Fear is a natural reaction to danger, but irrational fear caused by a relatively harmless situation, activity, or object is a phobia.
Step 1: Get anxious in enclosed places Look for uncontrollable anxiety in enclosed places, such as airplanes, trains, and cars in traffic.
TIP: Think about whether you have to open windows or sit near an exit in enclosed places, which is a common symptom.
Step 2: Avoid enclosed places Ask yourself if you do everything you can to avoid being in enclosed tunnels. Claustrophobic people are afraid of being suffocated or trapped and avoid elevators and tunnels.
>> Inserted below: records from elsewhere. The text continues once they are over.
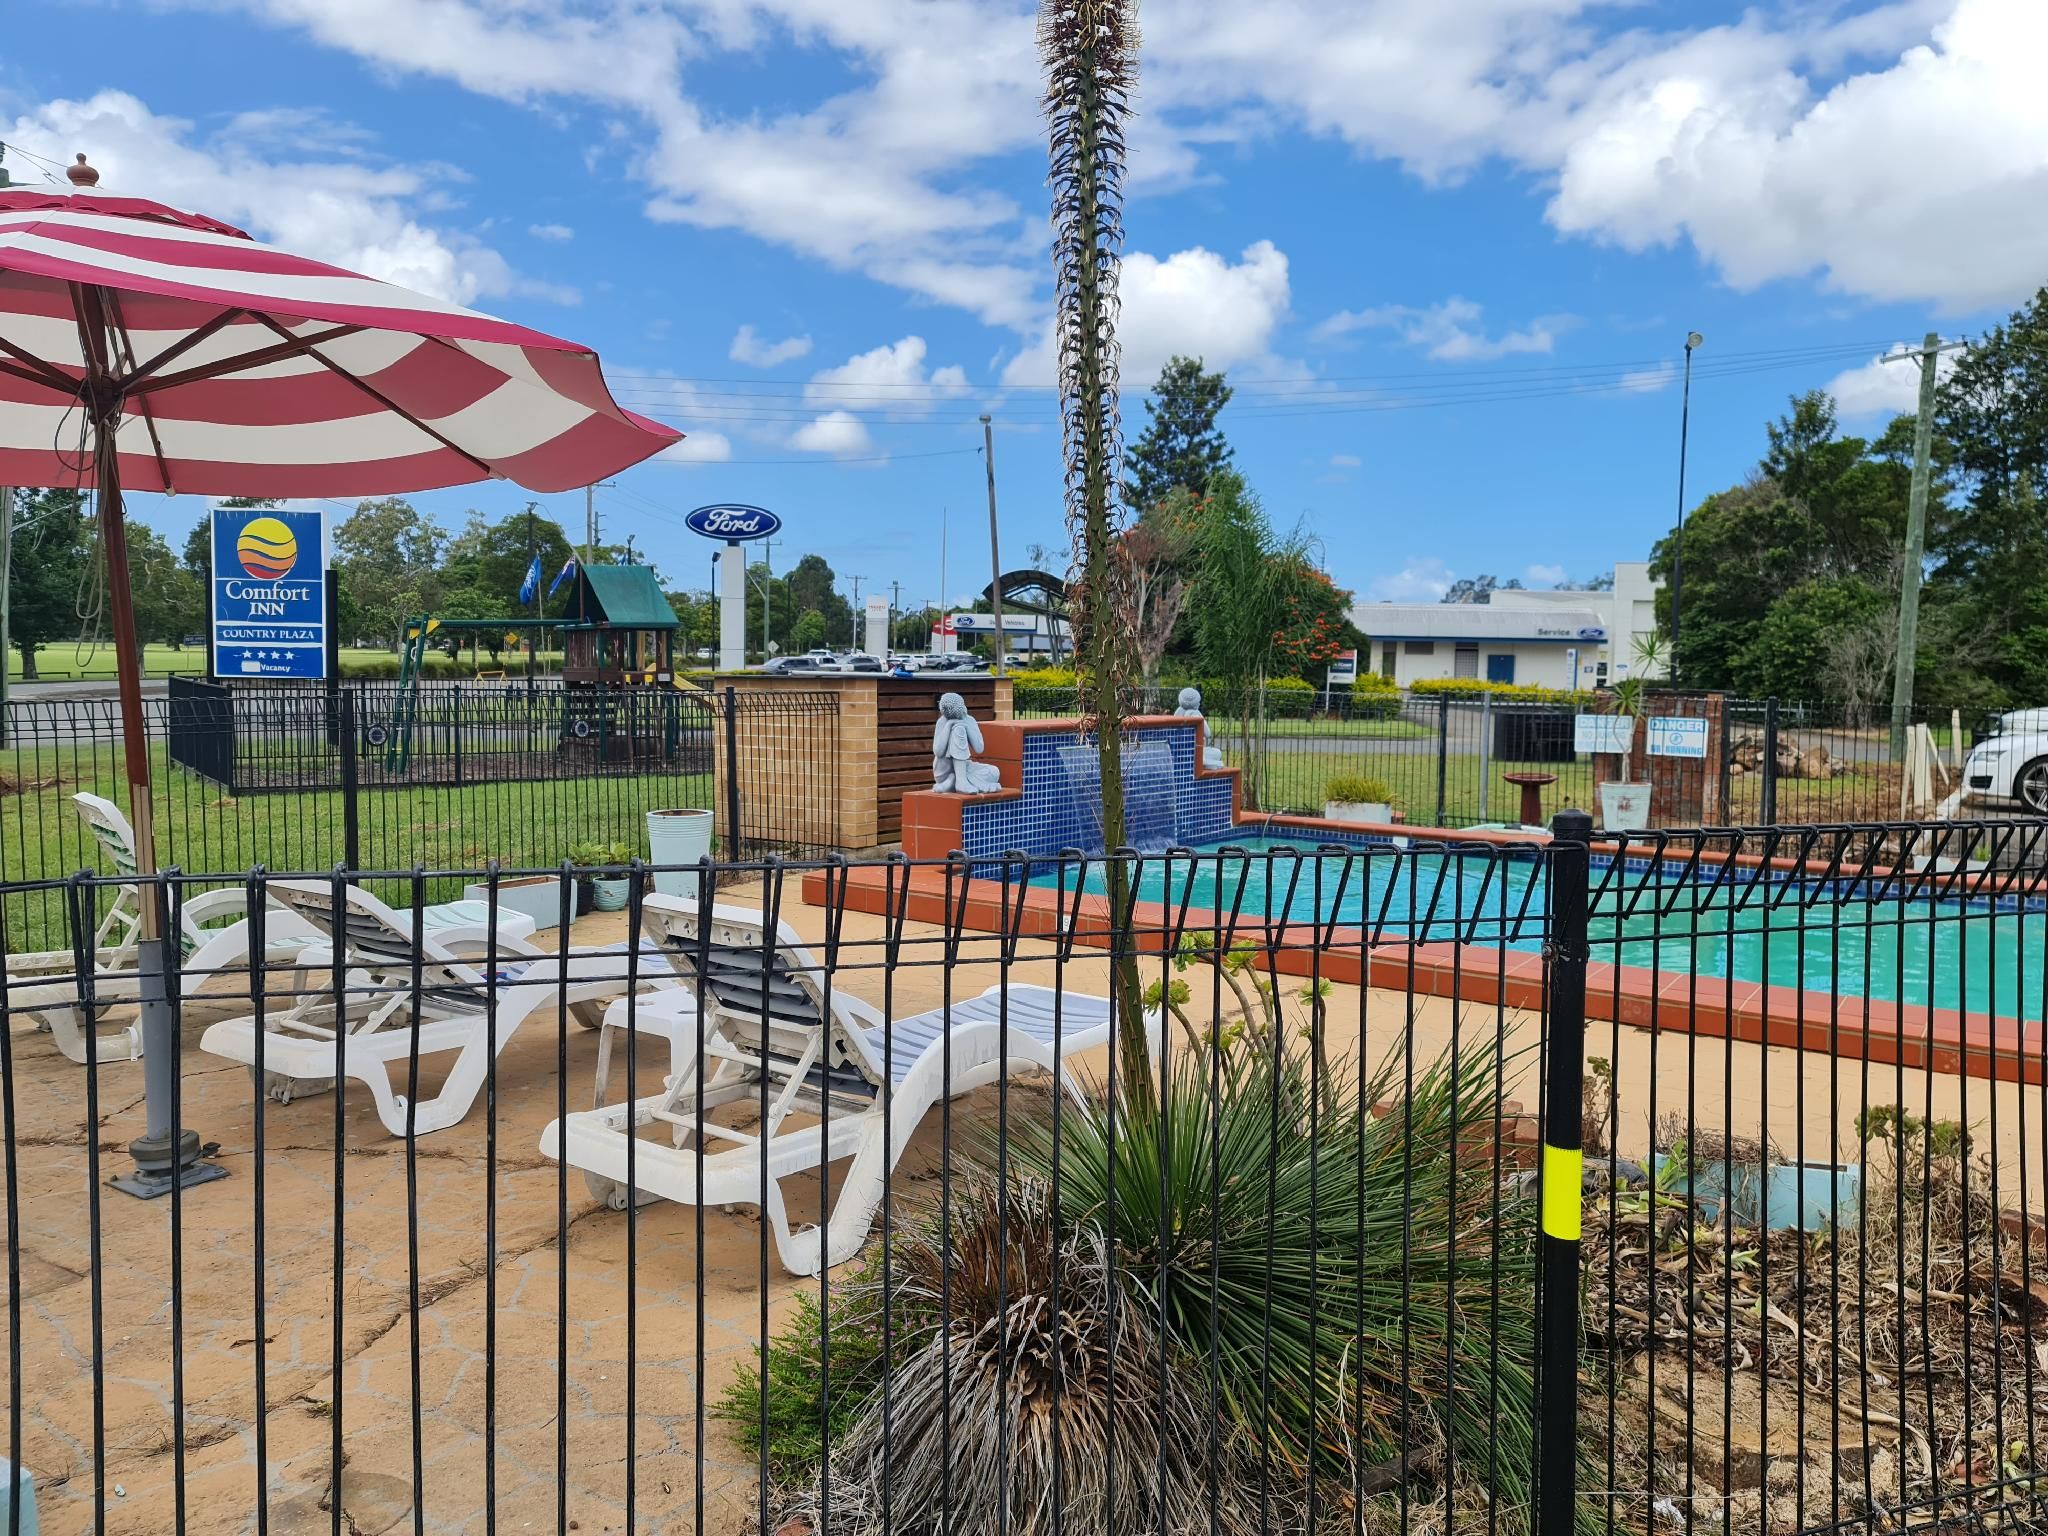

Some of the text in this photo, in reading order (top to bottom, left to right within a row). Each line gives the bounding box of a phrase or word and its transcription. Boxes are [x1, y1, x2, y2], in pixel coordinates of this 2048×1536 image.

[704, 508, 760, 532] Ford
[225, 580, 310, 601] Comfort
[249, 602, 285, 616] INN
[223, 629, 314, 640] COUNTRY PLAZA
[1538, 628, 1570, 636] Service
[260, 663, 291, 673] Vacancy
[1651, 719, 1704, 732] DANGER
Step 3: Examine your life Examine your daily life. If you are so afraid of enclosed places that it actually disrupts your normal routine, you may be suffering from claustrophobia.
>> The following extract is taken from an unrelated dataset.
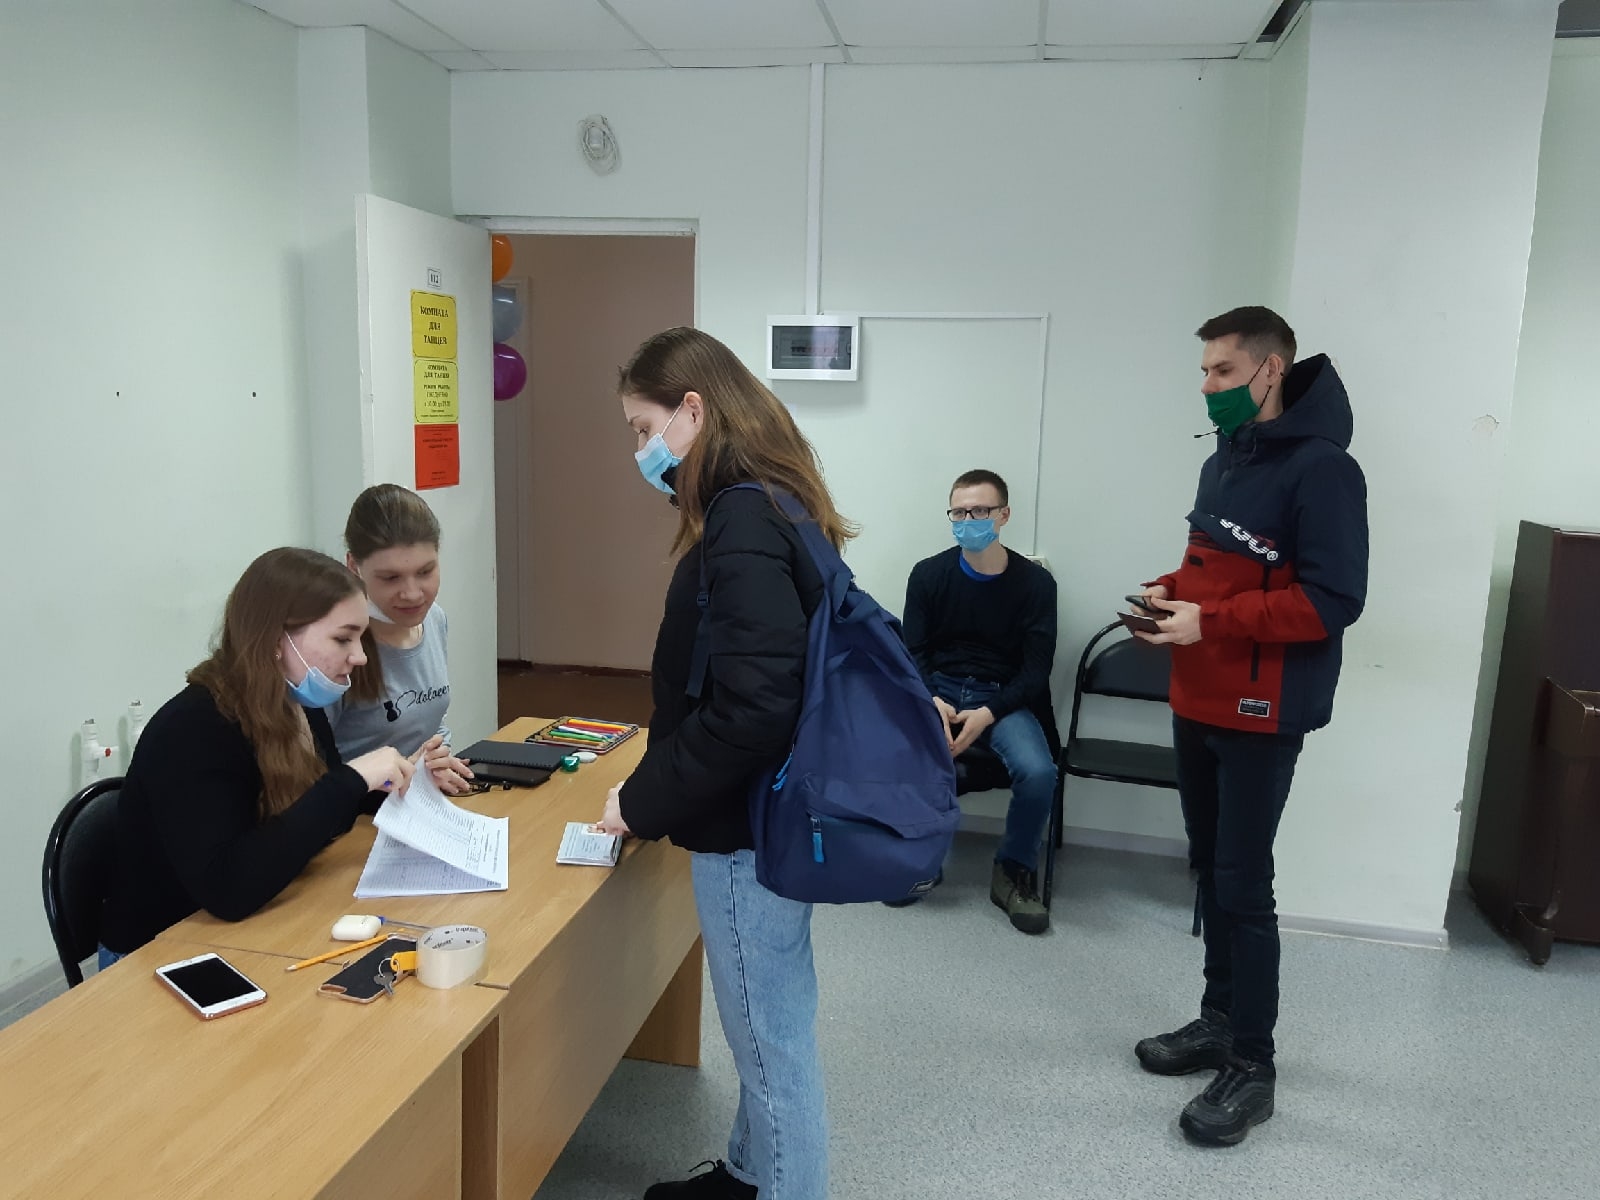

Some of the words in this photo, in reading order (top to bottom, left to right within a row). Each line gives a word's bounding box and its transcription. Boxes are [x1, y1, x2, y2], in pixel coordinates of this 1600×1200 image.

[420, 305, 449, 318] КОМНАТА
[428, 321, 441, 331] ДЛЯ
[423, 334, 448, 346] ТАНЦЕВ
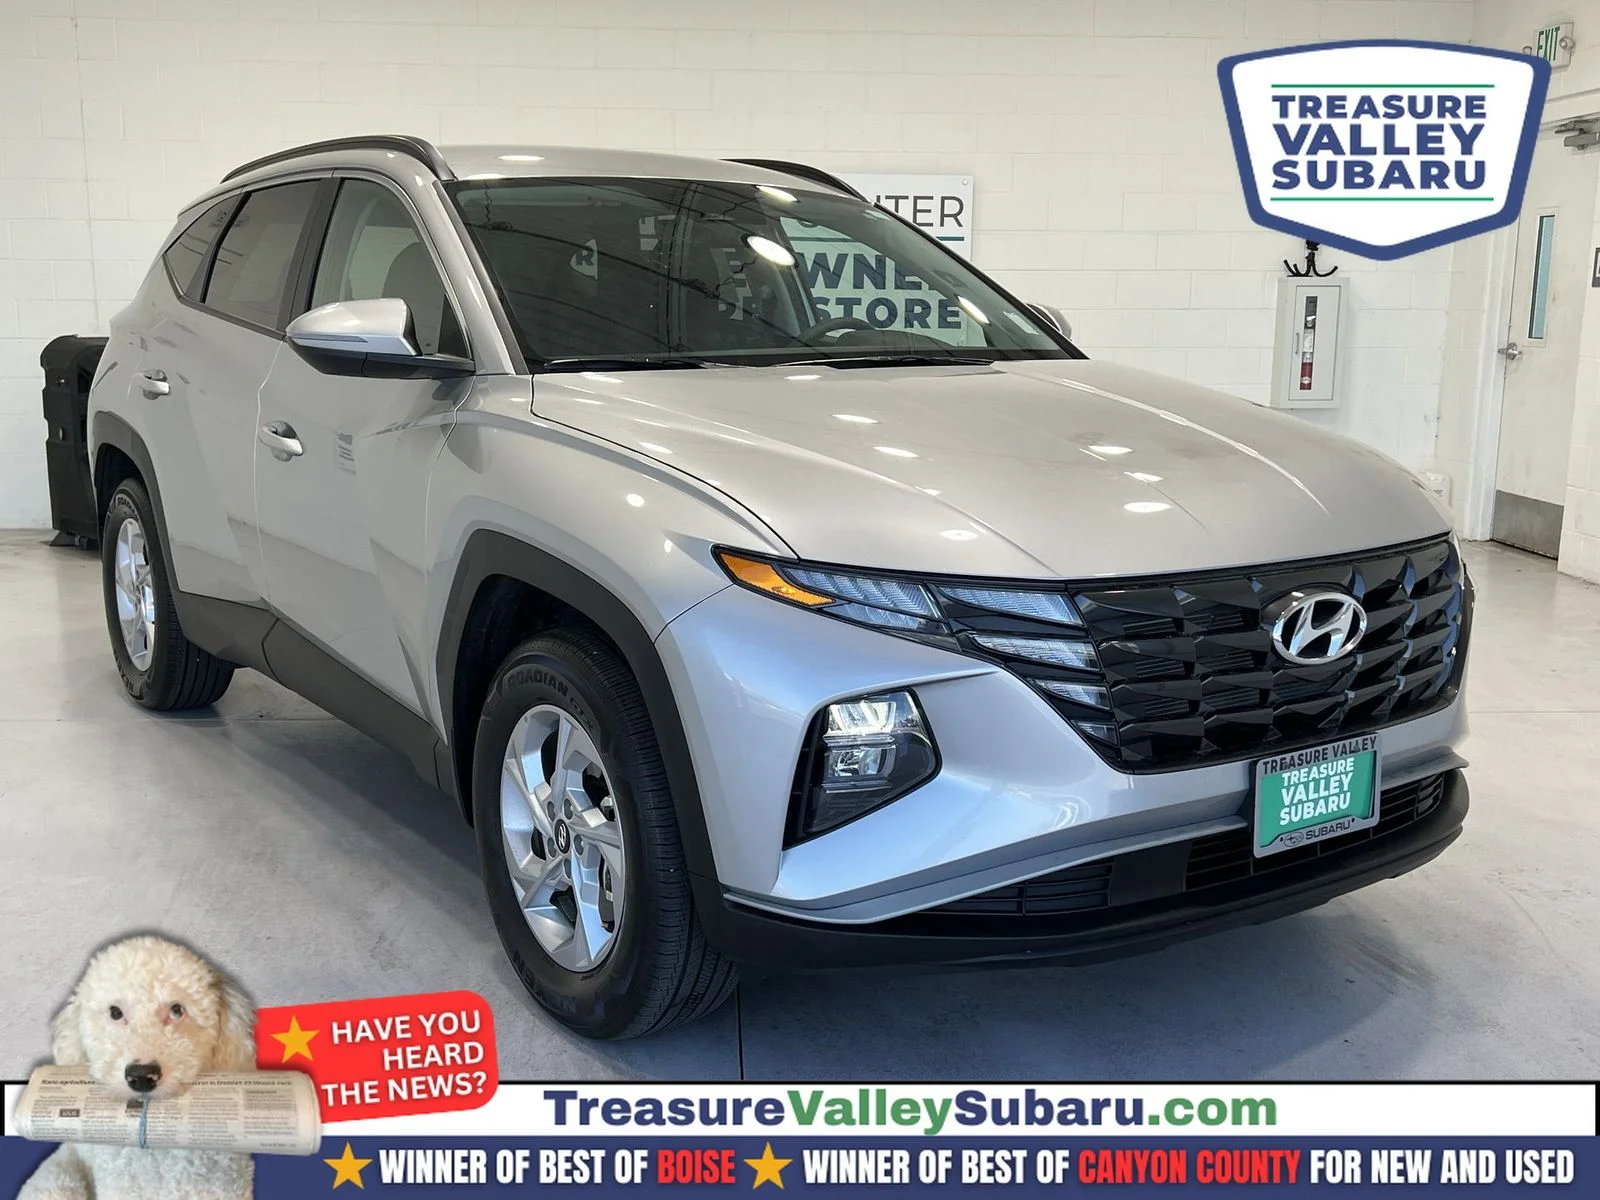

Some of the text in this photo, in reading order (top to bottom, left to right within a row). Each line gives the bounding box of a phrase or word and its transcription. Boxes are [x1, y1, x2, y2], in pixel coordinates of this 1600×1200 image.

Step 4: Know your fears are irrational Know your fears are irrational. If you exhibit these symptoms and know that they are irrational but can't stop them, then you may be claustrophobic.
Step 5: Look for physical reactions Look for physical reactions, such as sweating, an increased heart rate, difficulty breathing, panic, trembling, fainting, or nausea when faced with enclosed places.
Step 6: See a doctor See a doctor if you exhibit these systems. If just thinking about enclosed places provokes a reaction, then you may want to seek therapy to help you overcome your phobia and live your life to its fullest potential.
FACT: According to the National Institute of Medical Health, approximately 19 million Americans suffer from a specific phobia.